Every time there was shoot-out Cudahy would recount his own days of gunplay, usually some kind of pimp jump in the lime-colored corridors of a formerly Socialist apartment block.

"They got my driver Vlad in the head, point-blank," he said one night. "I figured I was a goner until I stumbled across a ventilation duct. Hard to believe I fit, but I did. And so here I am. And here you are. Death's luck goes south, too, you know. Hit me."

"I think the reaper's due for a run."

"Don't talk that way," said Cudahy. "This living and dying shit, it's all a matter of attitude. It's like you're at the Worlds with a couple of fouls and you need one clean put to qualify. The Swedish judge is gunning for you and you're thinking, 'I will stay in the circle, there is nothing for me outside the circle. Fuck Scandinavia.' "

"What are you talking about?"

"Say it: There's nothing for me outside the circle. Fuck Scandinavia."

"There's nothing for me outside the circle. Fuck Scandinavia."

"Exactly," said Cudahy. "Worked for me. I silvered. Then I got out of the shot-put racket for good. I mean, chucking a steel ball over and over again. For what? The travel, sure, but all in all it was a waste of time. And you know what else? When you're a great shot-putter, they hate you for it. They really do. Not true of, say, the discus. The discus-throwers have a feeling of community. They have that statue. Hit me. Fuck, busted."

When I phoned the clinic to confirm my next appointment, the Mechanic took the call himself.

"We've got some exciting news," he said. "A breakthrough. I can't tell you over the phone, though."

Cudahy popped a bottle of raisin schnapps.

"To beginnings, breakthroughs, fresh starts," he said. "May the upshot of all this be nothing more than a beautiful new-found invigoration that informs your long years ahead."

"That's nice," I said.

"It's an old peasant saying," said Cudahy. "The literal translation is 'Better you fuck yourself than they fuck you.' Good luck tomorrow. I'll be waiting with some coq au vin."
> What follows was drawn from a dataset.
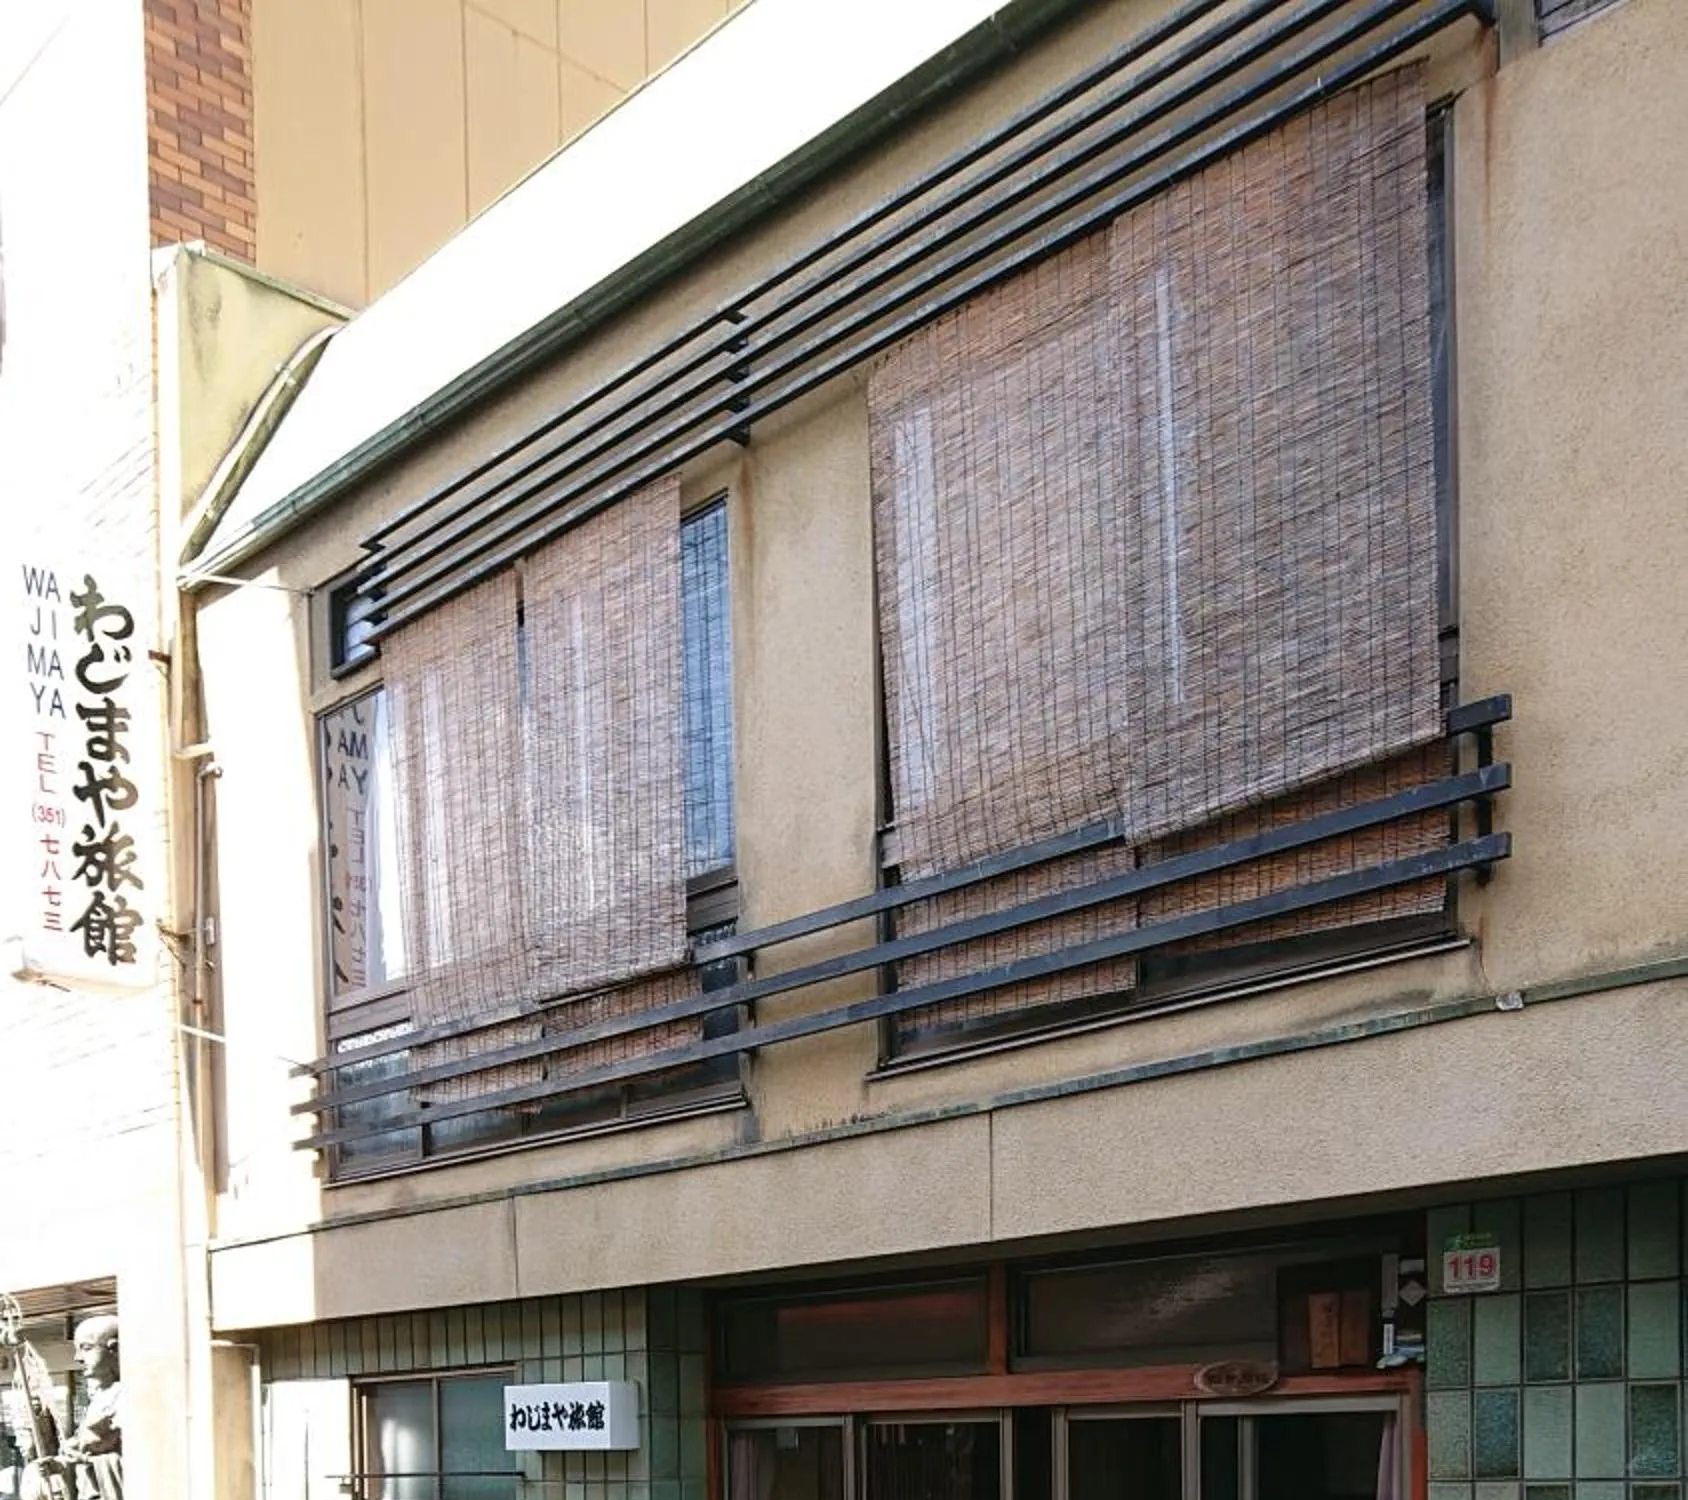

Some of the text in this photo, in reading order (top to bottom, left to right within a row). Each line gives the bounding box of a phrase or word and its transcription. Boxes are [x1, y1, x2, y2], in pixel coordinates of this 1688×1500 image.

The next day the nurse led me past the Special Cases Lounge and through a slim metallic door. We stepped into a bright amphitheater, a room like a grooved well. The Philosopher and the Mechanic stood down at the bottom of it behind a semi-translucent scrim. Dozens of others filled the raked seats. Some craned back to catch my eye, nod, enact hopeful semaphore with their thumbs. The Philosopher stepped out from behind the scrim. A lectern rose into his hands from some hushed hydraulics in the floor.